The Holy Spirit and Justice

I went to a very interesting session at my church this evening at which Simon Ponsonby gave a lecture on “The Holy Spirit and Justice”. It was thought provoking to say the least and highlighted why as Christians we have a duty to care for the poor and the world around us. As someone said to me afterwards (quoting, I think, William Booth) “Sometimes we get so involved in saving people from the hell of the next world we forget to save them from the hell of this”.

I’d highly recommend downloading the MP3 when it gets posted at over the next couple of days. If you’re a Christian it will challenge you and encourage you to think more about social justice and social action. If you’re not a Christian it might make you realise that Evangelicals do care about ‘the social Gospel’.

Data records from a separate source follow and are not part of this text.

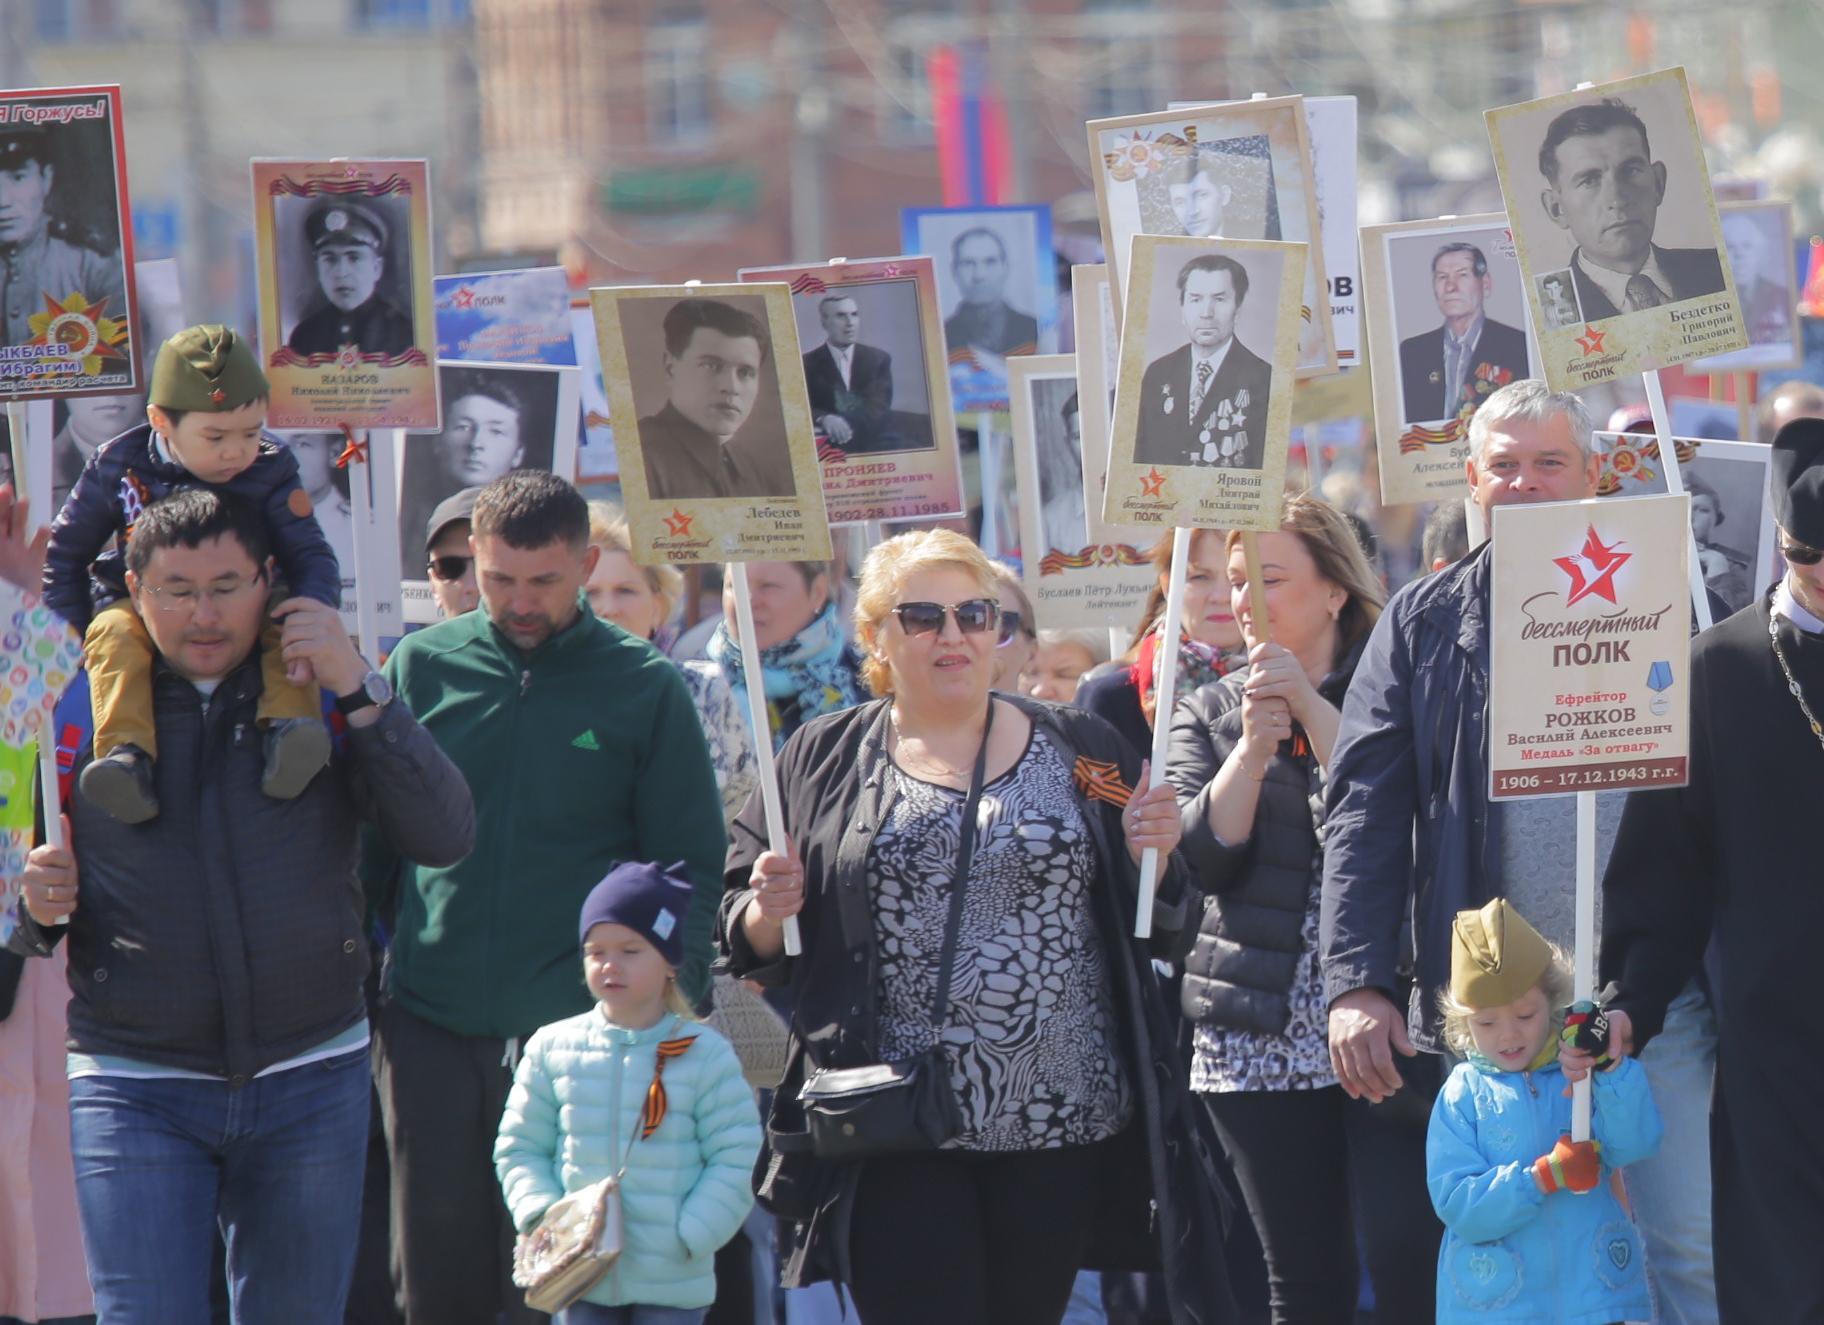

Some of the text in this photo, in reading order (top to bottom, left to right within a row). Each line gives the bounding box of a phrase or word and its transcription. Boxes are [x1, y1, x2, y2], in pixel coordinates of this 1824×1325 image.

[11, 99, 107, 125] Горжусь!
[1670, 302, 1731, 323] Бездетко
[1682, 314, 1734, 333] Григорий
[1681, 326, 1736, 345] Павлович
[1583, 366, 1614, 382] ПОЛК
[1217, 473, 1262, 487] Яровой
[1216, 488, 1261, 500] Дмитрий
[746, 507, 801, 519] Лебедев
[1199, 499, 1260, 511] Михайлович
[1134, 511, 1162, 522] ПОЛК
[775, 521, 803, 530] Иван
[737, 533, 805, 544] Дмитриевич
[667, 550, 699, 560] ПОЛК
[1038, 586, 1081, 600] Буслаев
[1084, 584, 1112, 598] Пётр
[1521, 591, 1672, 642] бессмертный
[1553, 640, 1631, 667] ПОЛК
[1555, 691, 1627, 707] Ефрейтор
[1545, 707, 1637, 728] РОЖКОВ
[1507, 724, 1673, 746] Василий Алексеевич
[1521, 741, 1659, 760] Медаль «За отвагу»
[1500, 775, 1540, 790] 1906
[1558, 767, 1647, 787] 17.12.1943
[1651, 767, 1679, 779] г.г.

Walking home however we came across someone selling the Big Issue. Spurred on by what we’d just heard we duly coughed up, only to realise that this wasn’t an official Big Issue seller. Maybe he did genuinely need money for the Night Shelter but nevertheless I felt slightly conned. This raises some interesting questions. Should we care where the money we give goes? I’d given something (albeit only a little) to someone less fortunate than me and that can only be a good thing. But could my money have been put to better use? If we all just gave to anyone who demanded money we’d feed quite a drink and drug problem for a start. But how often do we use that as an excuse not to give at all…? I wonder what God was trying to tell me through this little encounter?


Tim said…
Of course we use the drink and drug problem as an excuse not to give, but I believe we are just to do so. By us giving money who is addicted to the aforementioned we are simply feeding two vile habits, however for those who are not addicted to these drugs the government provides a perfectly adequate support system. One should not feel guilty about not giving money, by failing to give money one is saving them from the evils of drink and drugs.
Ian said…
maybe... but you can't tell who is on drugs and who isn't, so to tar all the homeless with the same brush is wrong.

What I think the best thing to do is to give directly to one of the shelters

and then, you're making sure that the cost of a bed is staying incredibly low (i.e. £3), so helping the homeless by helping the systems that are there to support them. that's better than making excuses about them all being druggies, non?
Ian said…
I should add... I'm very skeptical about big issue sellers in Oxford. Where I live (Rugby) they all "look" genuinely homeless, whereas in Oxford all of the genuine ones (i.e. with ID tags) seem to be pretty well turned out and just, well, don't look homeless.

But then, how do you "look" homeless? People still want their dignity don't they. You don't have to look homeless to be homeless, it's a bit of a dilemma, but it makes you think... what are the criteria for becoming a seller?

That's why when I buy it, I always buy it from the guys that I recognise who are always there day-in-day-out, rain or shine, like the bloke on the end of Turl Street with the poems... ("the sky is grey, you're feeling blue, so why not buy a big issue...").

Just never buy it from the dodgy people who accost you on cornmarket after dark... they never have the ID so probably nicked it off some other poor bugger.
Tim said…
Yes, I agree with your point Ian, at least the one about who is homeless and who is not. Where I currently reside in Canterbury we have several "usual" beggars. However, there is one beggar, a female one who looks "genuinley homeless" and who is always resident in Westgate. Just the other day I was walking past Wetherspoons, and noticed the afforementioned tramp tucking into a mixed grill, downing a pint and on her mobile phone. Genuineley homeless, I think not, looks can be deceiving!